From IndieWeb

The Lawnmower Man main character depicted as a cartoonish 3D vector graphic on a background of blue hexagons with a few red, with a nearby large hexagon stating ACCESS DENIED

VR is Virtual Reality, usually this means blocking your sight for true reality and showing something different, like a cartoonish artificial reality and coarse 3D self-presentations known as avatars, visible to anyone in the same space.

Social VR usually involves multiple people in a shared space with the ability to interact via voice, basic physical interactions, and playing games collaboratively. There are many silo providers, such as VRChat, AltspaceVR, ChilloutVR, NeosVR, JanusXR, and so on. There is great opportunity for an IndieWeb-based effort as well.

Open Source

There are some existing open source social VR efforts:



There could be a browser-like client, which can be implemented natively, or can be built using three.js and WebXR or the like. The client would be able to visit an instance and provide identity information, and then relay whatever realtime interaction is supported by the instance.


Add an h-card field, u-vr-avatar, which links to an avatar descriptor. VRM would be a very good starting point.

Ideally, avatars will provide animation data that allows the clients to map the users' positional tracking data into IK-based animations to provide full-body animation with whatever degree of fidelity is available. This will also be by far the most difficult part of avatar rendering.

Avatar-to-avatar interactions can also be facilitated by extending VRM with information about physics colliders and attached scripts which are triggered by them.


A room is simply a collection of geometry and scripts. It can likely be provided as a common interchange format such as glTF or something else that's easily parsed by renderers. There would also be script attachments that attach to objects in the room and the room itself; these would likely be implemented in Javascript using DOM-type access methods. There would need to be descriptors for things like physics, users/avatars, and so on.


An "instance" (to use the VRChat terminology) would be a session that provides a room and multi-user real-time interaction. When an instance is created, it would typically start out by copying some statically-hosted room data, and then would maintain the current DOM based on whatever interactions have taken place during the lifetime of the instance (so that when new users join the instance, they see the current state of things).

The instance would be where IndieAuth is consumed for the sake of adding users/avatars into the session, and would provide access control as appropriate for user scripts to modify the DOM. This would also be what coordinates the WebRTC sessions for player-to-player interactions (voice and text chat, positional/interaction data, and so forth).

One common protocol feature of an instance would be the ability for users to drop an instance portal (basically a temporary hyperlink to another instance); this would facilitate exploration between instances.
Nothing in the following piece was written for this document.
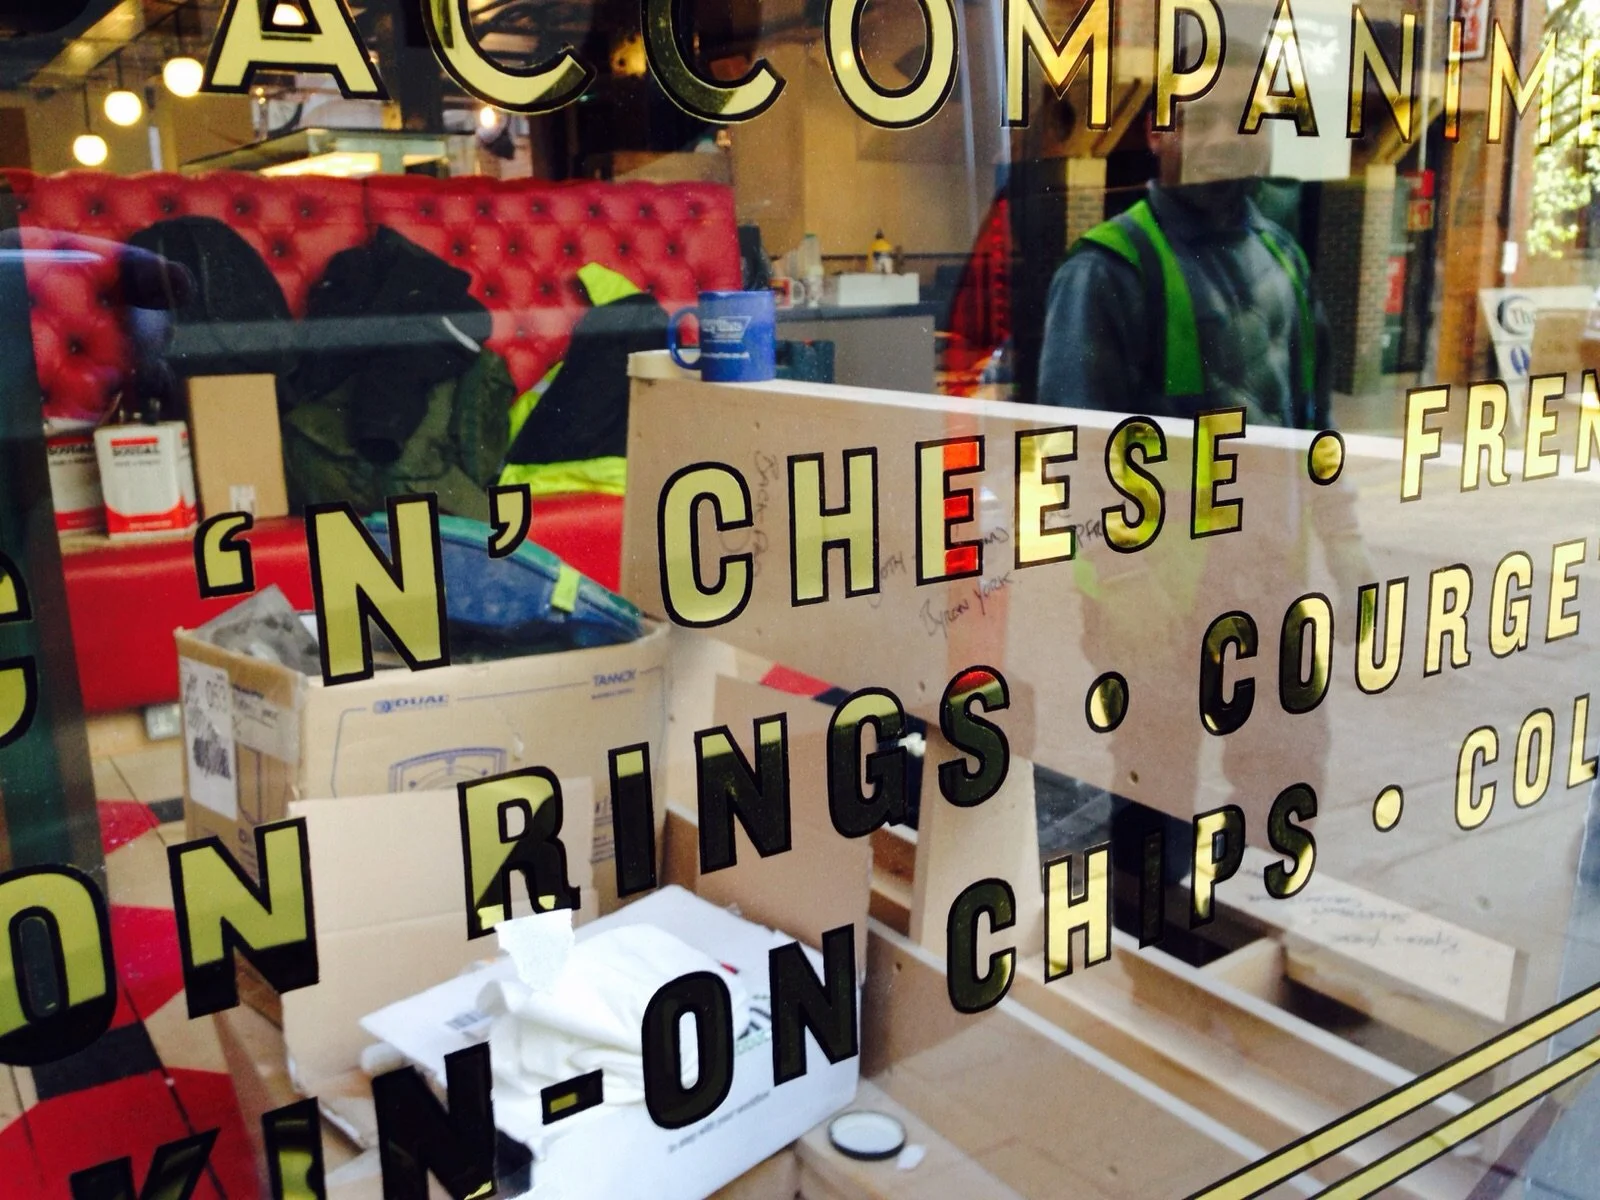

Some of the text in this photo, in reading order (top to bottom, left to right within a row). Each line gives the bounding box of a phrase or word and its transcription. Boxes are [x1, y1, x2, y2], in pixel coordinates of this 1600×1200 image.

It would be up to the individual users' browsers to manage their instance links, as essentially "bookmarks" or with a micropub-like protocol to speak to their personal instance server to instantiate a new instance.

Public spaces could be provided as room data that is statically-hosted, which an instance server would be able to copy when creating an instance of that room. This would allow arbitrarily many private instances of public rooms to exist without requiring any central hosting of the instance servers themselves, and would also facilitate access control for public vs. private spaces.
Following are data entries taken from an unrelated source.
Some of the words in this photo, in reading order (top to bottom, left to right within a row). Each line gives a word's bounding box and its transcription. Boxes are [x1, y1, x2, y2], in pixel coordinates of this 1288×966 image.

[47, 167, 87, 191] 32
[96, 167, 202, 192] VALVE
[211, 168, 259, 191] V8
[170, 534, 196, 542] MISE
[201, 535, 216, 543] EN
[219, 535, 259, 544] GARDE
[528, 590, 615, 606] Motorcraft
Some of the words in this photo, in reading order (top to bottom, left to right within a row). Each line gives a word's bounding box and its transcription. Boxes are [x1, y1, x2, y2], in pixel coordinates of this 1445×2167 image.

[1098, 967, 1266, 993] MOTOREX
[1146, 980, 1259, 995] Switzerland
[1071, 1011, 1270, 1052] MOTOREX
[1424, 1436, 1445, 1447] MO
The ability for an instance to carry objects around between instances would be quite intriguing, and would likely require the ability to do (access-controlled) object instantiation from some sort of template kept online, such as an object descriptor that includes a glTF bundle for the visual representation and an agreed-to standard for physics interactions.

Part of the interaction model for objects should also be the ability for an avatar to attach an object to one of its animation bones (for example, attaching a coffee cup to one's hand).

Access control

There are a few access control issues which need to be considered.

  • Instance servers need to be able to block/allow identities; it would be up to the instance server to manage this mechanism
  • It should be possible to somehow restrict a room from having instances made by unauthorized people; this could be managed by an IndieAuth flow where an authorized IndieAuth token is required to retrieve the initial resources for downloading into the instance
  • Avatars can also be extremely personal (almost by definition) and there should be a means of restricting avatars to be only usable by authorized identity URLs; this would essentially require some sort of DRM scheme (or at least a widely agreed-to standard). While it wouldn't be vital to the creation of this platform it would definitely be a barrier for acceptance among a large segment of the VR-using population. However, as an analog, anyone can use whatever u-photo they like on their h-card.

Minimal path forward

A proof of concept could be initiated thusly:

1. Create a self-contained web-based VR experience using WebXR and some common renderer library (e.g. three.js) 2. Add WebRTC functionality to allow multiple users to share the same "room," and use it to stream their voices and positional data to the other participants 3. Allow users to specify an avatar for how they are displayed to the others in the room; ideally this would be provided via IndieAuth and an avatar URL stored in the h-card

From here it becomes much more feasible to start considering things like having an online editor for spaces and avatars (which could then be uploaded to spaces via micropub), and breaking these elements out into reusable libraries that can be used as reference implementations or to simplify the development of the self-contained experiences.